This is Your Blood Pressure on Drugs

When we think of blood pressure and drugs together most of us will think of medications used to treat hypertension. But what about drugs – including both prescription and over-the-counter medications – that actually cause or contribute to it?

It’s a topic that’s not much discussed, but should be. Many people will be surprised to learn that some of the most common and frequently used drugs can cause significant increases in blood pressure. Even doctors who should know better sometimes prescribe such drugs to patients with hypertension!

Some of these drugs can also interfere with other medications and even natural methods to reduce arterial pressure. How frustrated would you be to discover that your attempts to improve your health through difficult lifestyle changes is being sabotaged by something you may be taking… to improve your health, of course!

By far the most common of these “hypertensive” drugs are NSAIDs (non-steroidal, anti-inflammatory drugs). NSAIDs form a large class of drugs used to treat painful conditions like arthritis. The most common of these is sold as ibuprofen, taken in its billions since going over-the-counter in the 1980s.

Millions of people with chronic conditions are routinely prescribed powerful NSAIDs on a long-term basis. Even aspirin is an NSAID. Although its unique properties help aspirin to prevent blood clotting, it also has the potential to increase blood pressure in some people.

The effect that NSAIDs can have on blood pressure is not negligible. In fact, it has been shown to raise systolic pressure by up to 20 points or more and many cases of hypertension are due to the effects of these drugs alone. Women seem to be the most susceptible to the side effects of NSAIDs – and young women are ironically their biggest consumers – but anyone can be severely affected.

NSAIDs affect blood pressure by causing fluid retention (edema), which makes the heart, liver and kidneys work harder and can lead to their permanent damage. Proper functioning of these organs is crucial to blood pressure regulation.

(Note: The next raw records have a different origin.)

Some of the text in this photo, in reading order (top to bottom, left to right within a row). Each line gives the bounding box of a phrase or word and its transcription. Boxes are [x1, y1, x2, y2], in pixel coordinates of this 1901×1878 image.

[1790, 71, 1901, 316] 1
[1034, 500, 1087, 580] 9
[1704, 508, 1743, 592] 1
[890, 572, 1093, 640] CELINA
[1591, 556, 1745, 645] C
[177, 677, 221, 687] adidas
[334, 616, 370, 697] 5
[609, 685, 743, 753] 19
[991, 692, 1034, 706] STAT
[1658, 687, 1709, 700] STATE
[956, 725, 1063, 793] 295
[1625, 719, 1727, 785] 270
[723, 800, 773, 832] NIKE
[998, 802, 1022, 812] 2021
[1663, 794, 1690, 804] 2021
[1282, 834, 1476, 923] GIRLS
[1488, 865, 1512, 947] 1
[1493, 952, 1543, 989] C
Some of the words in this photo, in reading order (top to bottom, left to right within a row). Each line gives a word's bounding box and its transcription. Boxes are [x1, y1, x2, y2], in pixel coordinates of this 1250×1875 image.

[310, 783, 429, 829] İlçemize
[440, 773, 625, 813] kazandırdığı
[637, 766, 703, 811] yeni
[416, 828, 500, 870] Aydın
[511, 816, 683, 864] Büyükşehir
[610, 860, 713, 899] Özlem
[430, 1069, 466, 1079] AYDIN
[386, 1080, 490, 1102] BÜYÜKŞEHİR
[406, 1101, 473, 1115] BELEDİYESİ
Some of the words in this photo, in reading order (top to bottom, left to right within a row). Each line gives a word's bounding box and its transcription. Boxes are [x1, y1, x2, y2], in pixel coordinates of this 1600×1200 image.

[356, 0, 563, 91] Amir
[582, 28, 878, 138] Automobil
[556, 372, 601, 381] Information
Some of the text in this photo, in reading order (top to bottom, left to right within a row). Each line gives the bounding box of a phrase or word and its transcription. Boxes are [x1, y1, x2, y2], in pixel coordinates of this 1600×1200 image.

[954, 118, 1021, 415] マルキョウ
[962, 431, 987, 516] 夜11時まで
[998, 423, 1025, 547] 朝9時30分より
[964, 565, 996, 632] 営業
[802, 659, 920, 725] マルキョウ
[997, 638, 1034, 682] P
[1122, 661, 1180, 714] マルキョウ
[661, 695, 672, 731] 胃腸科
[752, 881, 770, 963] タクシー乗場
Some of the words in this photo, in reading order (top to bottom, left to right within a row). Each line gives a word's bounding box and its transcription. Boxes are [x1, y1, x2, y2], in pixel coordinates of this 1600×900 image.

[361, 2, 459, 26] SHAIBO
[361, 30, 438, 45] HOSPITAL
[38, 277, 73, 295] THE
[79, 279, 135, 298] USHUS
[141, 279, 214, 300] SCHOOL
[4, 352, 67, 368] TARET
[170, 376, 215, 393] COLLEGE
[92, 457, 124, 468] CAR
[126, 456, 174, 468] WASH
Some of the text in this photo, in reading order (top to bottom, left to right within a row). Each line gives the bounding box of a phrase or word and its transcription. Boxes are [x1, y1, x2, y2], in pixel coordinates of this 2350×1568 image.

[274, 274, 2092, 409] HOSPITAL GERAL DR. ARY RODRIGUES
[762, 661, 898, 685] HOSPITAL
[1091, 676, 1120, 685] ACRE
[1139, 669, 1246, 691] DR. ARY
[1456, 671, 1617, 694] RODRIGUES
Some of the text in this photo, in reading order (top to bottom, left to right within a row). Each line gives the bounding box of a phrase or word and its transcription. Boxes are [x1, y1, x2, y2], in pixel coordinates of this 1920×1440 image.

Cough and cold medicines are another danger to your blood pressure. Many of them contain NSAIDs but further risk comes from decongestants. Most people use cough medicines only temporarily but this could result in a misleading diagnosis of hypertension when coinciding with a medical exam. And millions of hay fever and other allergy sufferers use decongestants routinely.

Medications to relieve migraines, weight loss drugs and appetite suppressants are further medications known to increase blood pressure. In fact, virtually every drug has some potential to impact it as well as other important functions. What’s more, when you combine drugs the interactions become ever more complex and unpredictable.

If you suffer hypertension or experience rising blood pressure one of the most important things you can do is to examine the medications you are taking. There may be a way to determine how these substances are affecting your pressure and, if so, find safer alternatives. Discuss it with your doctor (just try not to come away with even more drugs!).